Transporte elétrico se torna essencial em Cuba com escassez de combustível
Devido à escassez de combustível, Cuba adota ônibus, triciclos e bicicletas elétricas para manter a mobilidade. Saiba como a transição elétrica está moldando a vida na ilha.
Cuba enfrenta a maior escassez de combustível dos últimos anos, e o transporte elétrico surgiu como a principal forma de manter a mobilidade da população. Após os Estados Unidos cortarem as exportações de petróleo da Venezuela e ameaçarem sanções contra outros fornecedores, a ilha registrou uma queda acentuada no combustível disponível. Os carros clássicos, que por décadas definiram a paisagem das estradas cubanas, estão cada vez mais cedendo espaço a ônibus elétricos, triciclos elétricos e bicicletas.

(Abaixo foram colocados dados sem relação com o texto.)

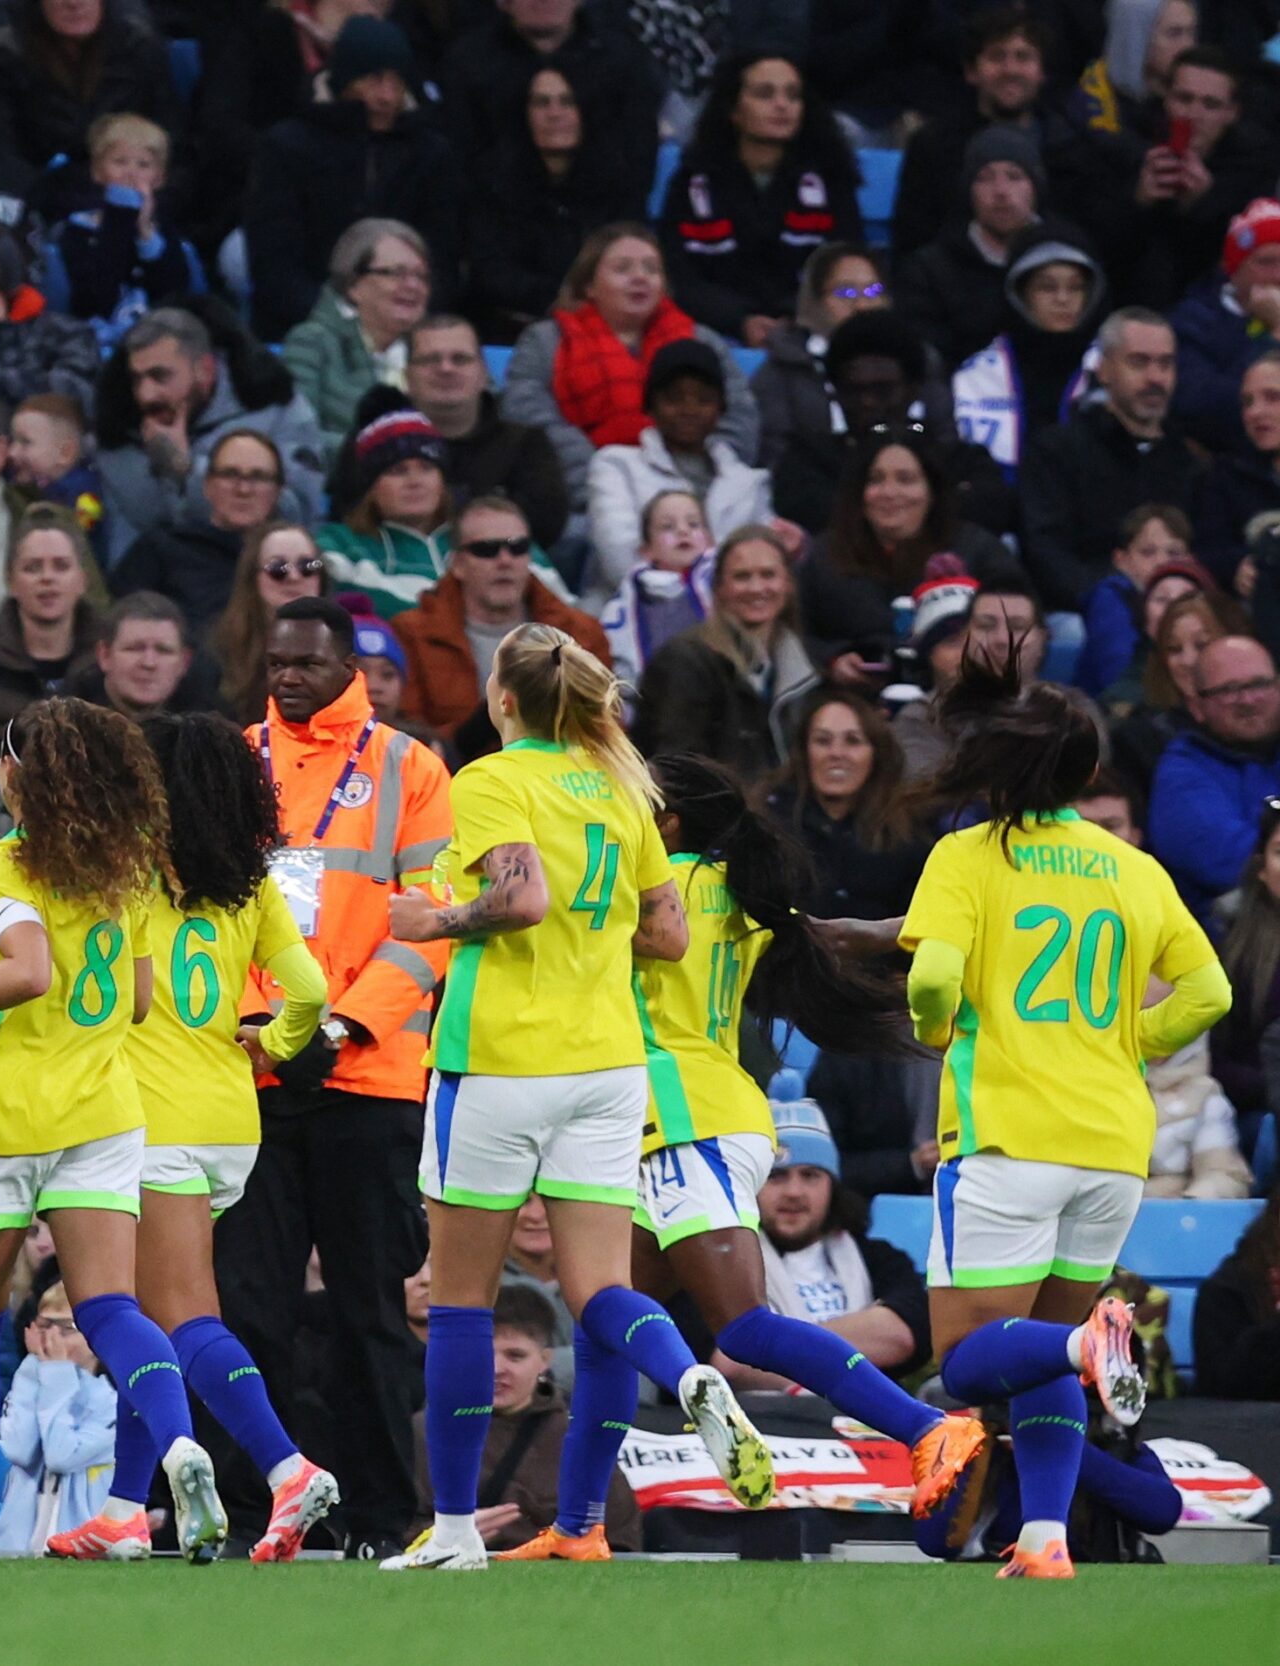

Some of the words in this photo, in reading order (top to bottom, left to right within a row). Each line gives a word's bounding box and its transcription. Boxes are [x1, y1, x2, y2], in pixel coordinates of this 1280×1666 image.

[570, 822, 620, 930] 4
[1012, 844, 1119, 883] MARIZA
[68, 918, 124, 1027] 8
[171, 916, 221, 1028] 6
[1013, 903, 1127, 1030] 20
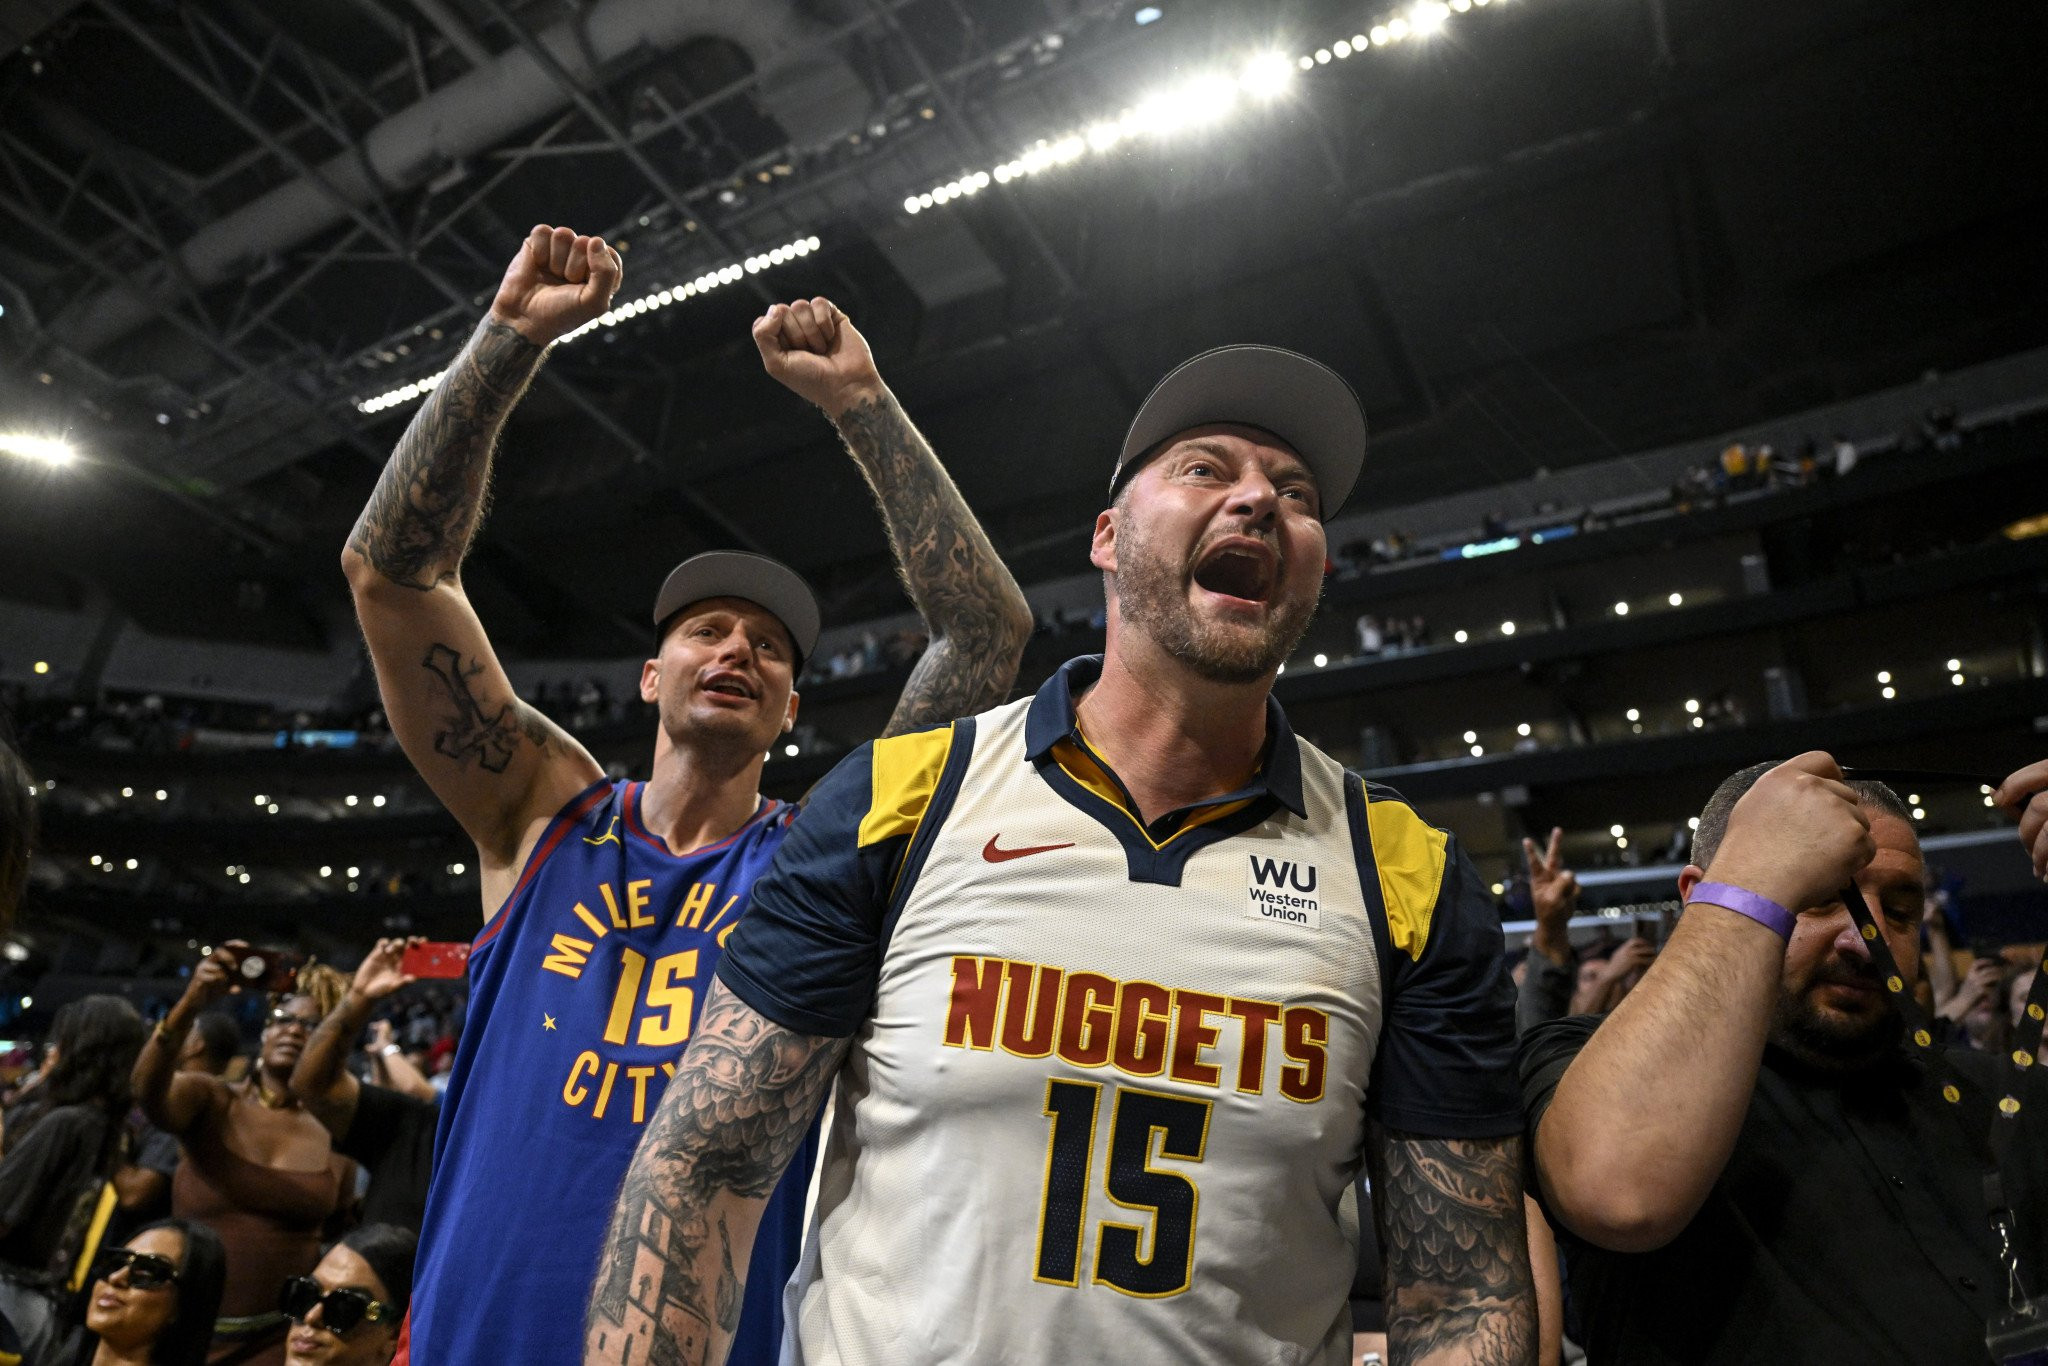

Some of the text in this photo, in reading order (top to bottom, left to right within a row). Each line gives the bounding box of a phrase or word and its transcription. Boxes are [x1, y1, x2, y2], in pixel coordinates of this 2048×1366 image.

[1249, 854, 1317, 892] WU
[1249, 887, 1318, 911] Western
[1261, 903, 1307, 924] Union
[541, 878, 655, 979] MILE
[603, 947, 698, 1046] 15
[942, 955, 1329, 1104] NUGGETS
[562, 1049, 676, 1123] CIT
[1033, 1076, 1214, 1299] 15
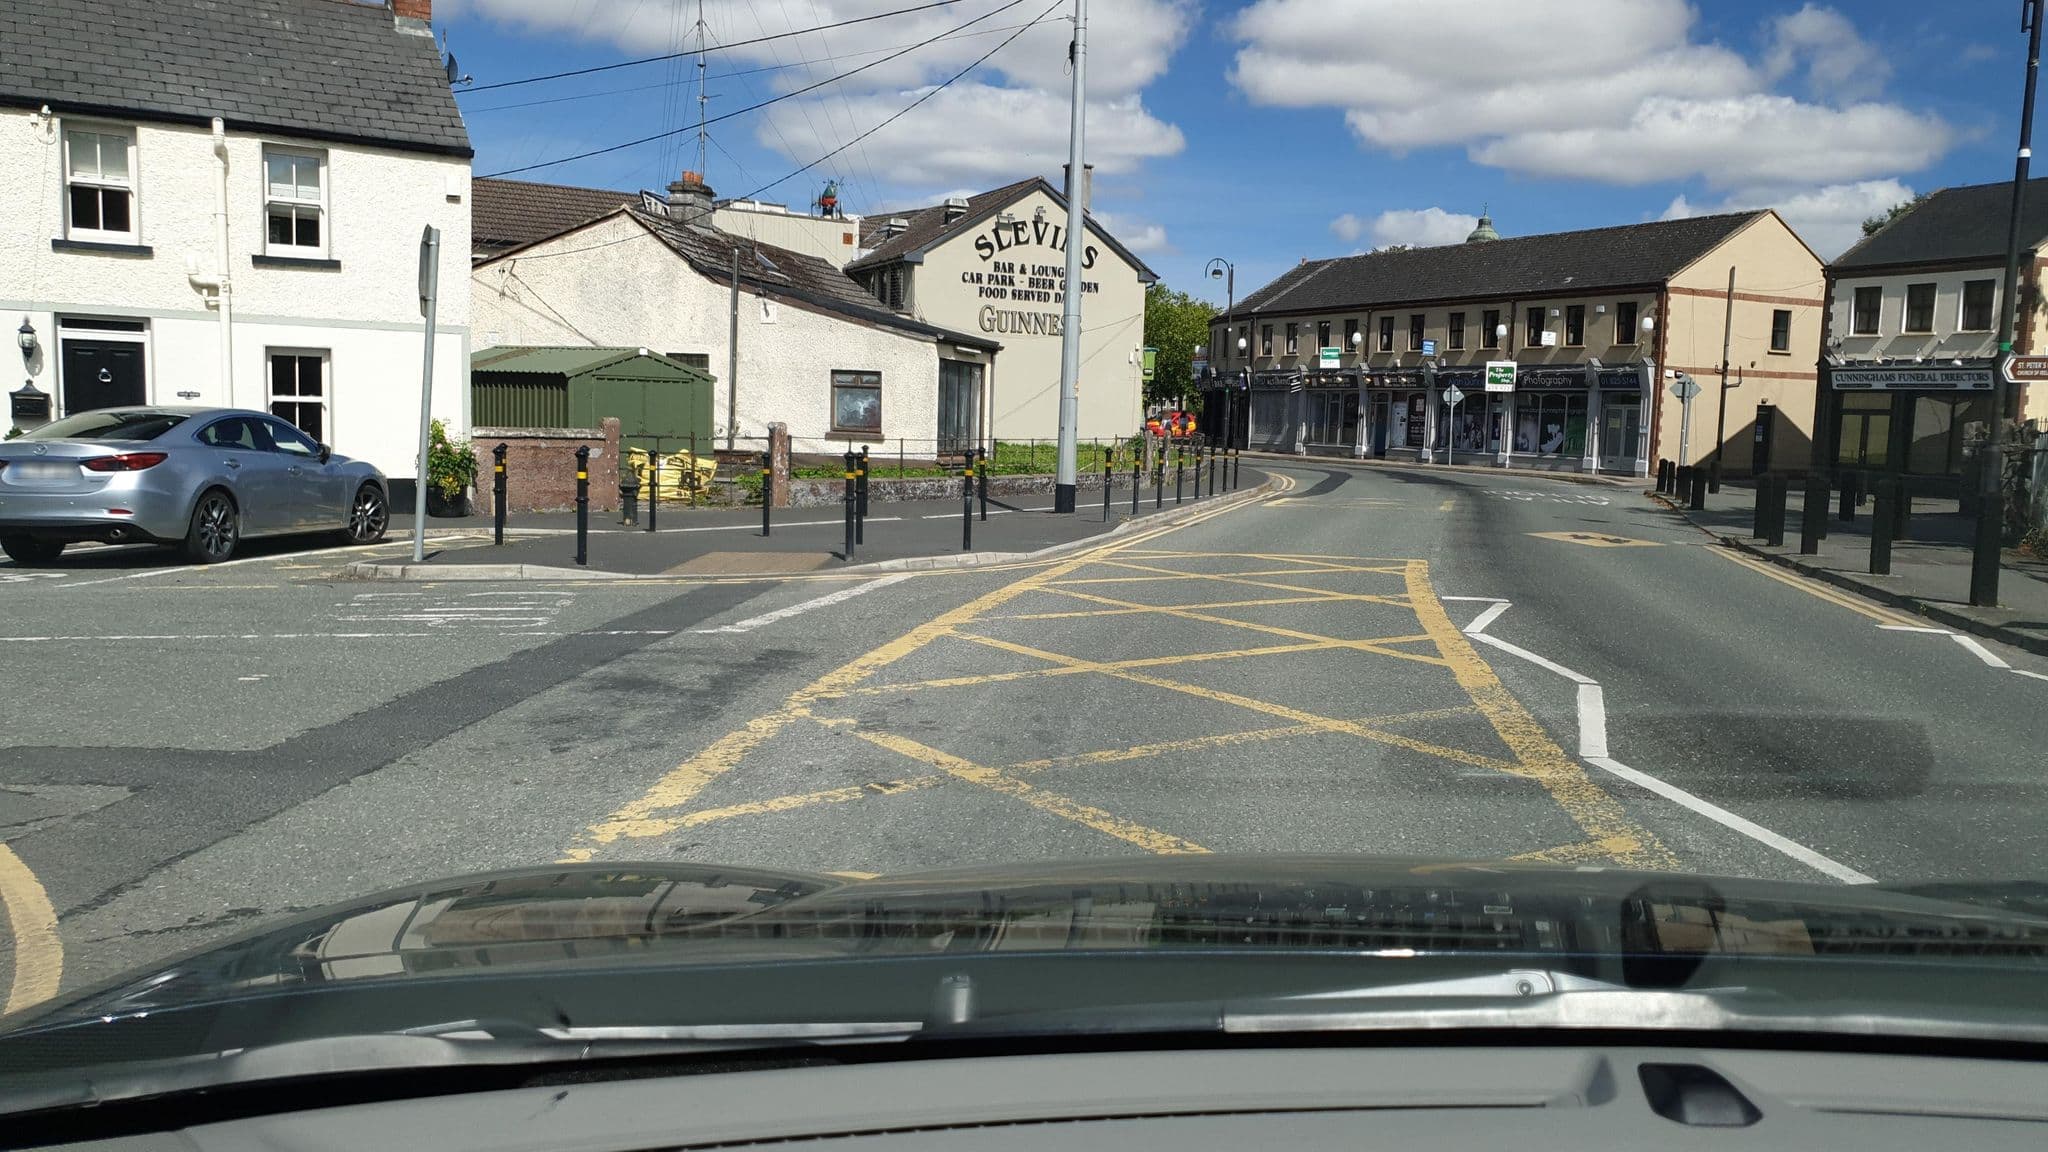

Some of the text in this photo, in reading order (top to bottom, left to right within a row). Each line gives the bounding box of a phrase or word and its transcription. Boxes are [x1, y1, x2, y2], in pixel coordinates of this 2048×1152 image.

No subúrbio de Alamar, os táxis-bicicleta elétricos estatais tornaram-se o único transporte regular para os moradores. Os motoristas fazem dezenas de viagens diárias, compensando a falta de diesel e gasolina. Os residentes locais observam que os transportadores privados ainda são muito caros, portanto, o transporte elétrico é o que garante um movimento acessível sob condições de racionamento rigoroso.
As autoridades cubanas anunciaram um plano abrangente de economia de combustível com o objetivo de manter os serviços essenciais operacionais. Na prática, isso significa que os residentes veem a mudança para a energia elétrica como efetivamente a única maneira de evitar a paralisia do país.
Essa situação destaca o contraste entre as decisões políticas dos EUA e a vida na ilha: as sanções destinadas a aumentar a pressão sobre Havana forçaram Cuba a acelerar sua transição para o transporte elétrico, que se tornou a base da mobilidade cotidiana.